De même, en ce qui concerne l’exercice d’une quelconque activité professionnelle équitable selon les critères de l’article 20 du même arrêté royal, la cour estime qu’elle ne peut se contenter d’une affirmation selon laquelle un travail de bureau administratif conviendrait parfaitement à Mme E.G., dès lors que l’appréciation de l’état de capacité professionnelle doit être concrète et individualisée en tenant compte des facteurs propres au travailleur et que l’activité dont le travailleur peut être équitablement chargé doit pouvoir être exercée de façon durable et à temps plein.

La cour juge également qu’elle ne trouve pas dans le rapport les éléments nécessaires qui établiraient que les hypothèses de reclassement proposées ont été formulées en tenant compte, d’une part, de l’impact des troubles et lésions physiques et psychiques sur les capacités physiques ou mentales de Mme E.G. et, d’autre part, de sa réelle formation professionnelle et en tenant compte en outre du fait que ces éléments ne peuvent aboutir à un déclassement social et doivent viser une réelle activité professionnelle régulière et à temps plein.

En conséquence de quoi, la cour estime qu’il y a lieu de désigner un nouvel expert qui pourra demander à l’expert judiciaire précédent les renseignements qu’il jugera utiles.

Dans la mission confiée au nouvel expert judiciaire, la cour du travail lui demande de préciser à quelles activités professionnelles concrètes Mme E.G. a équitablement réellement accès.

L’intérêt de la décision

Lorsque le travailleur indépendant se voit notifier par l’Inami une décision de fin d’invalidité, en cas de contestation, l’expert judiciaire doit déterminer si le travailleur était, en raison de troubles ou lésions fonctionnelles, incapable d’exercer les tâches afférentes à l’activité de travailleur indépendant qu’il assumait avant le début de son incapacité de travail, d’une part, et d’autre part si, pour les mêmes raisons, il était incapable d’exercer une quelconque activité professionnelle (comme salarié ou indépendant) dont il pourrait être chargé équitablement.

Le premier intérêt de la décision est de rappeler la jurisprudence de la Cour de cassation (Cass., 20/12/1993, Pas., p. 1080) ainsi que le rapport au Roi annexé à l’arrêté royal du 20 juillet 1971, selon lesquels, d’une part, l’incapacité de travail visée à l’article 19 n’est pas une notion absolue et, d’autre part, l’inactivité doit être jugée avec bon sens car la notion d’inactivité totale à 100% est une notion théorique.
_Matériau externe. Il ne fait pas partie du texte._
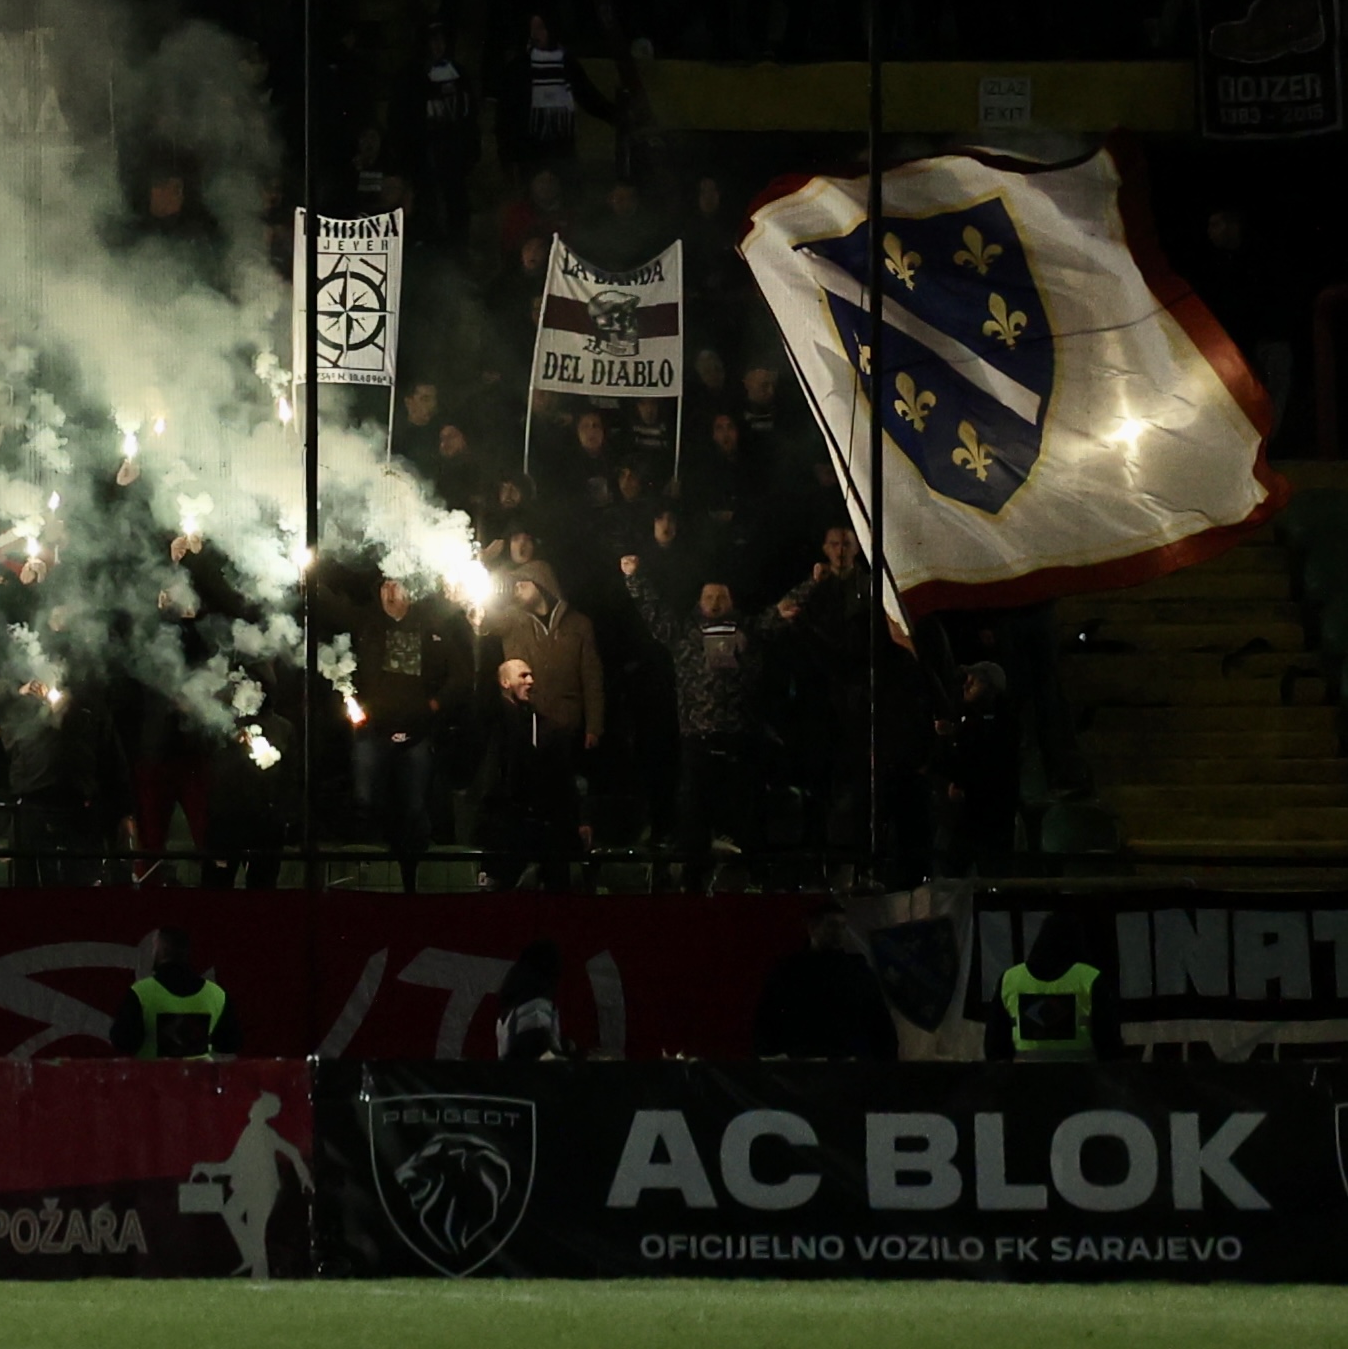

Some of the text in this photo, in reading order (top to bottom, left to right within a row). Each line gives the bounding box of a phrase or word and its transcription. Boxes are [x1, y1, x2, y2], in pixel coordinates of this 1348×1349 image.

Par ailleurs, la cour du travail de Bruxelles a écarté un rapport d’expertise qui a, selon elle, donné un avis beaucoup trop général sur la capacité de travail du travailleur indépendant sans s’être penché, de manière concrète, d’une part, sur l’activité personnelle exercée par le travailleur avant le début de son incapacité de travail et, d’autre part, sans avoir apprécié de façon individualisée et concrète la possibilité d’exercice d’une quelconque activité professionnelle équitable.

Cet arrêt doit être approuvé : seule une appréciation concrète, individualisée, faisant référence à des professions précises, décrites minutieusement dans les faits et gestes quotidiens qu’elles impliquent, permet de déterminer utilement la capacité de travail d’un travailleur (indépendant ou salarié), laissant alors aux plaideurs et au tribunal, la possibilité de rencontrer réellement l’avis de l’expert judiciaire, tant du point de vue médical que des critères légaux.

Lorsque l’expert judiciaire ne remplit pas sa mission, son remplacement est préférable à un complément d’expertise.